Locomotor activity monitoring
Single male flies are placed into small tubes with food and the tubes are loaded into monitors that project infrared beams across the middle to count the number of times the beam is crossed by the fly in a given time period. This can be used to monitor activity and sleep throughout the day and night. The integrity of flies' circadian clocks can be tested by entraining them to a light/dark cycle and then changing to permanent darkness, and monitoring if activity continues to peak at dawn and dusk.

James Higham AMRSB is an honorary research fellow at the University of Bristol's School of Physiology, Pharmacology and Neuroscience.

References
1) Cummings, J. L. et al. Alzheimer's disease drug-development pipeline: few candidates, frequent failures. Alzheimers Res. Ther. 6(4), 37 (2014).
2) Jones, W. D. The expanding reach of the GAL4/UAS system into the behavioural neurobiology of Drosophila. BMB Rep. 42(11), 705–712 (2009).
3) Hackett, A. et al. CASK mutations are frequent in males and cause X-linked nystagmus and variable XLMR phenotypes. Eur. J. Hum. Genet. 18(5), 544–552 (2010).
4) Malik, B. R. et al. CASK and CaMKII function in the mushroom body neurons during Drosophila memory formation.
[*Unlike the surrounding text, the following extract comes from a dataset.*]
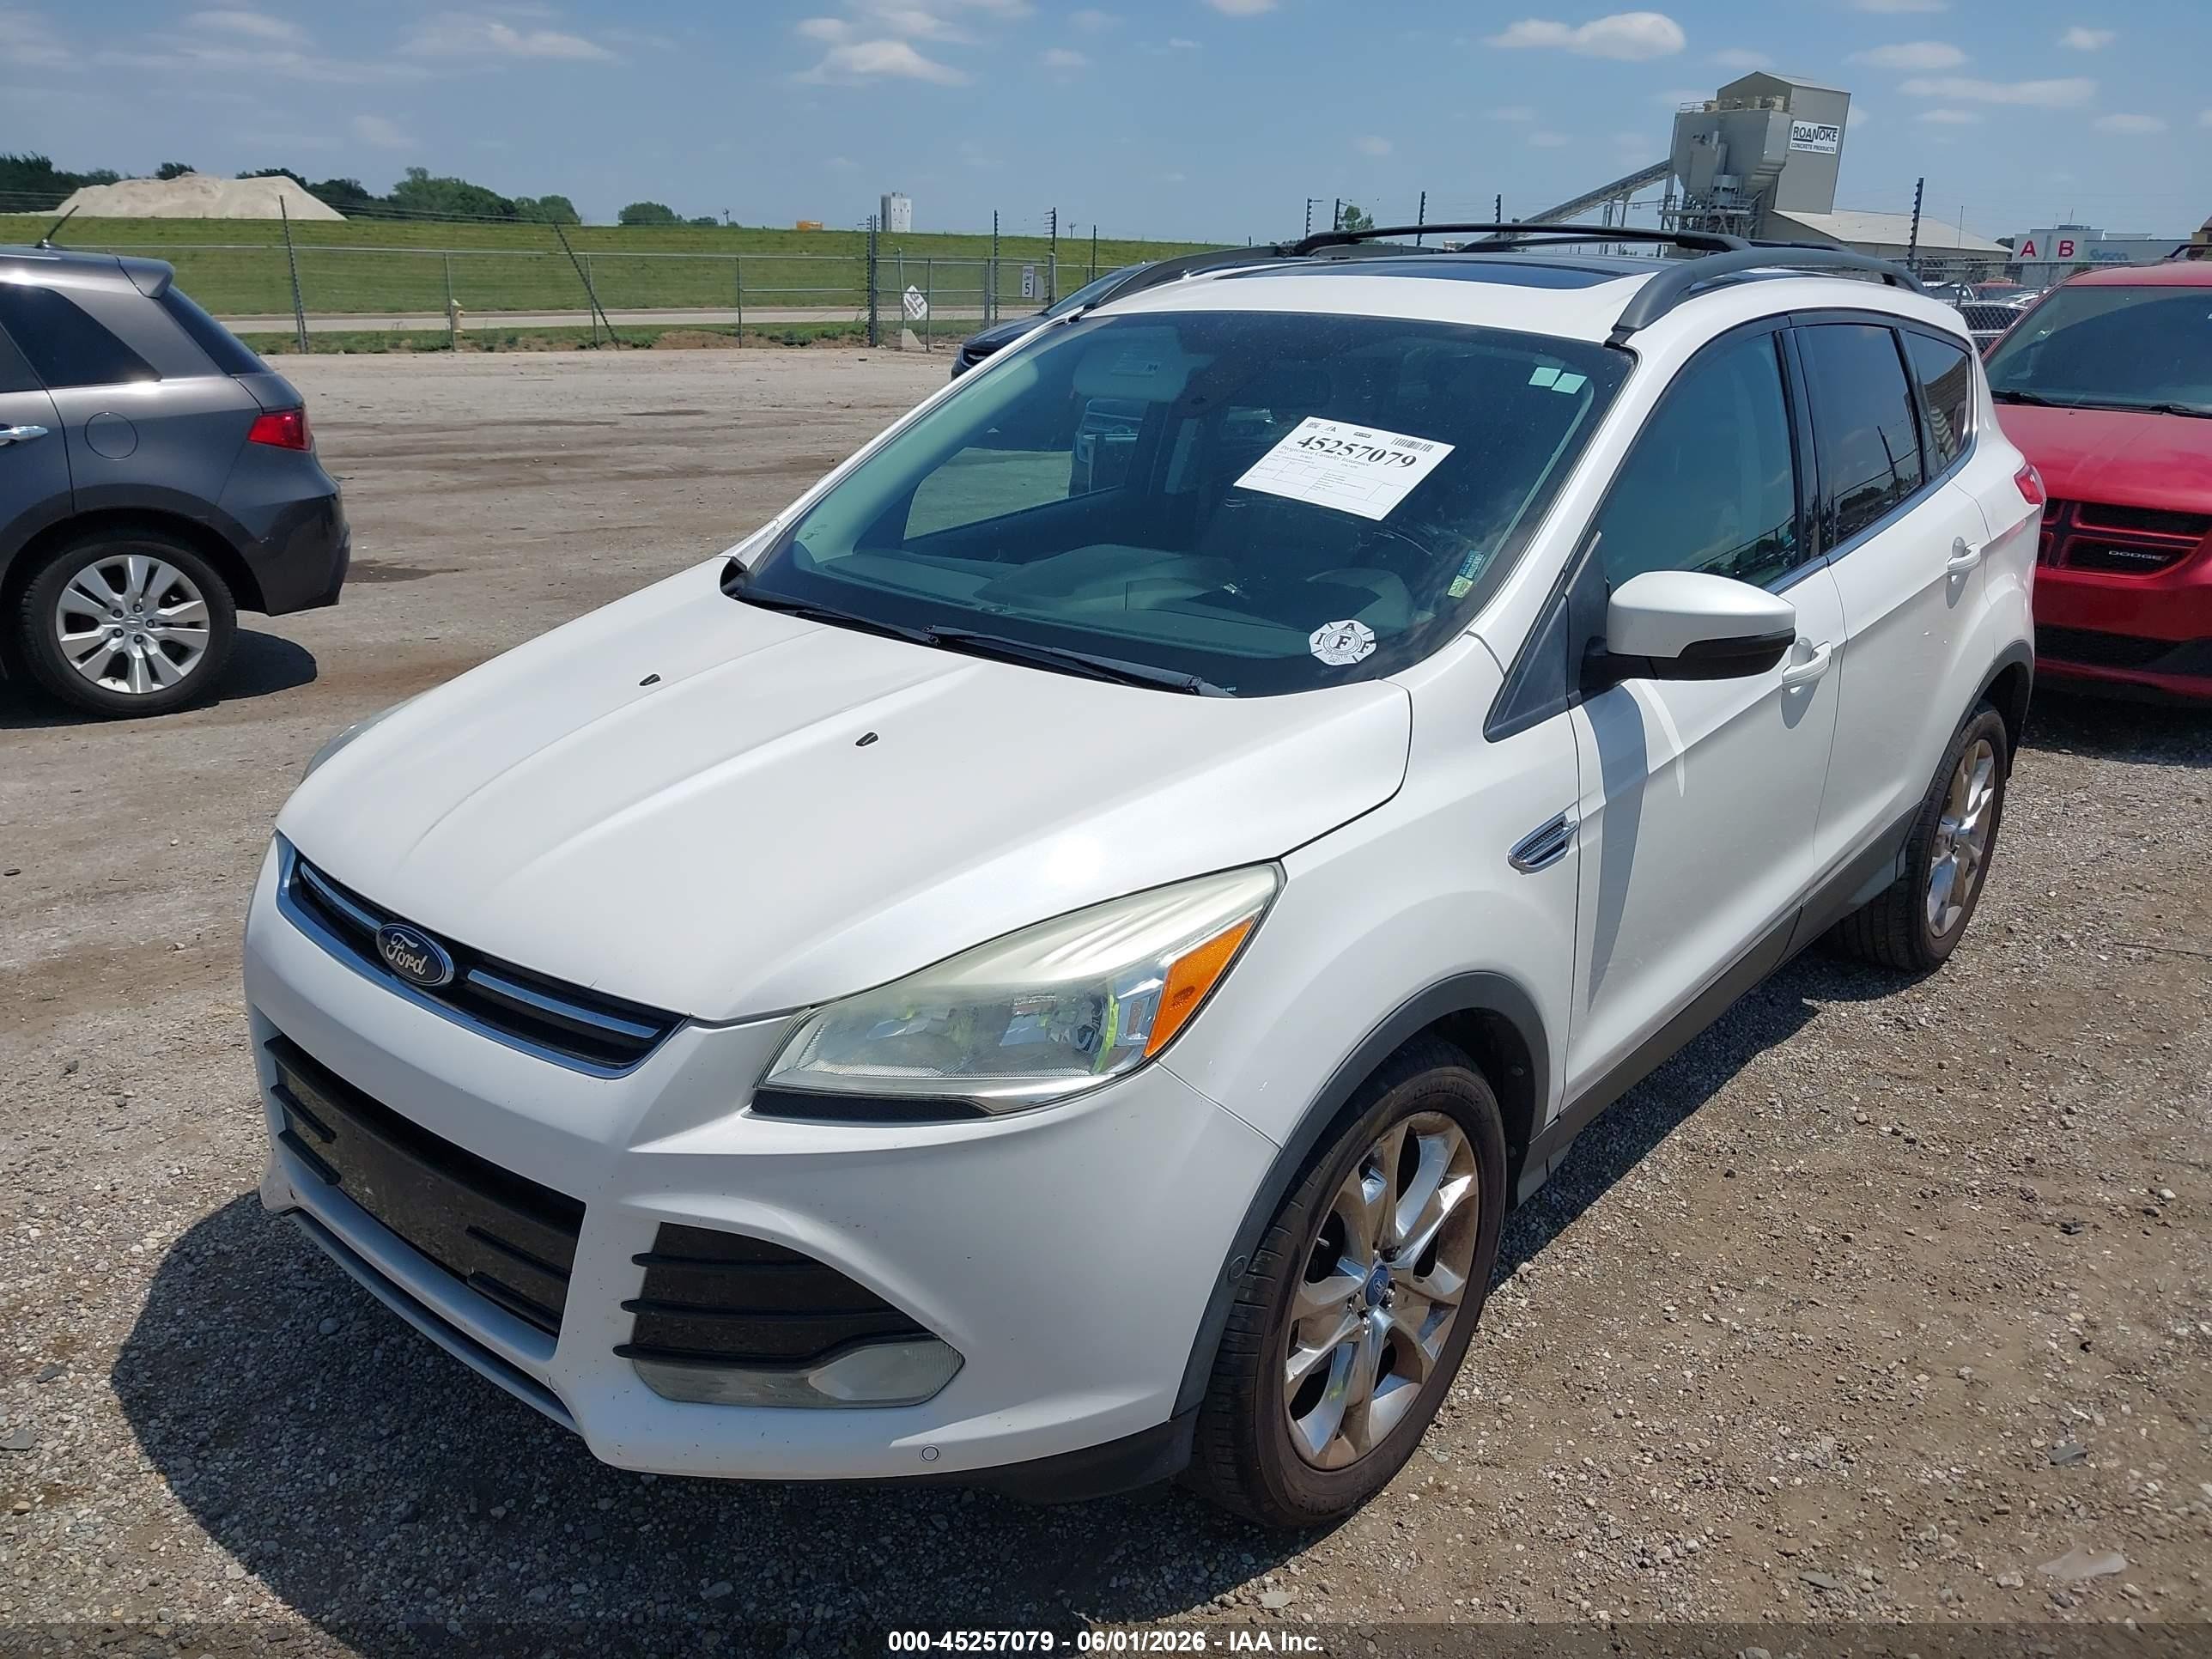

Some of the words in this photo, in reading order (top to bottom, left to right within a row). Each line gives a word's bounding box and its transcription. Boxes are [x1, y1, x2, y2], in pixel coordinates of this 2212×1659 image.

Front. Neural Circuits 7, 52 (2013).
5) Armstrong, R. A. Plaques and tangles and the pathogenesis of Alzheimer's disease. Folia Neuropathol. 44(1), 1–11 (2006).
6) Iijima, K. et al. Dissecting the pathological effects of human Abeta40 and Abeta42 in Drosophila: a potential model for Alzheimer's disease. Proc. Natl. Acad. Sci. USA, 101(17), 6623–6628 (2004).
7) Tabuchi, M. et al. Sleep interacts with abeta to modulate intrinsic neuronal excitability. Curr. Biol. 25(6), 702–712 (2015).
8) Dissel, S. et al. Enhanced sleep reverses memory deficits and underlying pathology in Drosophila models of Alzheimer's disease. Neurobiology of Sleep and Circadian Rhythms 2, 15–26 (2017).